La totalidad de hombres premiados en 2019 sonroja. Este viernes el primer ministro de Etiopía, Abiy Ahmed, nuevo Nobel de la Paz, se convirtió en el hombre número 11 entre las 11 personas premiadas este año -el Nobel de Literatura a la polaca Olga Tokarczuk corresponde a 2018- en distintas categorías (y con distintos comités). Y hasta aquí el recuento oficial: queda el galardón de Economía, pero no se llama Nobel porque no estaba entre los originales que planeó el fundador en su testamento. El mensaje de que los mejores de este año en tantos campos son hombres es sólo una demostración más de que un grupo tan reducido y oscuro de expertos o pseudo-expertos escandinavos es poco representativo del mundo actual. Pero ésta no es ni mucho menos la única laguna.
El objetivo del Nobel de la Paz es dudoso y cambiante.
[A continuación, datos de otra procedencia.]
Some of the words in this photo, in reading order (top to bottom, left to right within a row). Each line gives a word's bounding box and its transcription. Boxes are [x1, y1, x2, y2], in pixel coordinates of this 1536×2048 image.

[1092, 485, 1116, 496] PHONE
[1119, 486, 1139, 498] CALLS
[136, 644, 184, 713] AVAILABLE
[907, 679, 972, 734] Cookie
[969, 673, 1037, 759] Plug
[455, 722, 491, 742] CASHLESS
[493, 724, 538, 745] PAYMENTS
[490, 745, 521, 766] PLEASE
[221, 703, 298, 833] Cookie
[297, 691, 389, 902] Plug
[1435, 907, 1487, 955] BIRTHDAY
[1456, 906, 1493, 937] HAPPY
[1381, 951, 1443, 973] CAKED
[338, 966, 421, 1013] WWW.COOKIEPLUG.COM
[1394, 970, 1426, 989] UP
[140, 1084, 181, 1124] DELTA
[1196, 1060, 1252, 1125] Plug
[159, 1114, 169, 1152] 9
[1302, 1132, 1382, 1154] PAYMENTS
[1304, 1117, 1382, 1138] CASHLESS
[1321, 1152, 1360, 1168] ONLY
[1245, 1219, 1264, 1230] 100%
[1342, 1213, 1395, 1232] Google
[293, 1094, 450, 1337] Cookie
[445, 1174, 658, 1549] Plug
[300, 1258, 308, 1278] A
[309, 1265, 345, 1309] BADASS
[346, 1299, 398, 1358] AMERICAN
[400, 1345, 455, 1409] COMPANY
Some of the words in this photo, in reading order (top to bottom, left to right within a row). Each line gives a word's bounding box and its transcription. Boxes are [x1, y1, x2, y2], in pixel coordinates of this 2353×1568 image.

La paz entre Etiopía y Eritrea que homenajea este año todavía no es una realidad más allá de unos pocos gestos y, pese a los esfuerzos históricos de Abiy, las tensiones regionales siguen provocando refugiados mientras en Eritrea continúa el estado de emergencia.
No es la primera vez que el Nobel de la paz va a parar a alguien de manera prematura, como demostró el galardón hace una década a Barack Obama, que aprovechó su discurso para explicar por qué no lo merecía.
El poder de premios como éste debería ser su capacidad de inspirar pero cuesta pensar que esos ideales en un mundo tan complejo como el de 2019 vayan a venir de un viejo salón en Oslo.
El reconocimiento de quién es el mejor siempre puede ser objeto de debate, pero todavía lo es más si la decisión viene de un panel tan reducido y homogéneo. Pese a las reformas, como que el comité del Nobel de la Paz no esté formado por políticos en activo, el organismo no deja de ser un pequeño grupo poco variado e independiente. Alfred Nobel tuvo una gran idea, pero tal vez ha llegado el momento de custodiarla mejor.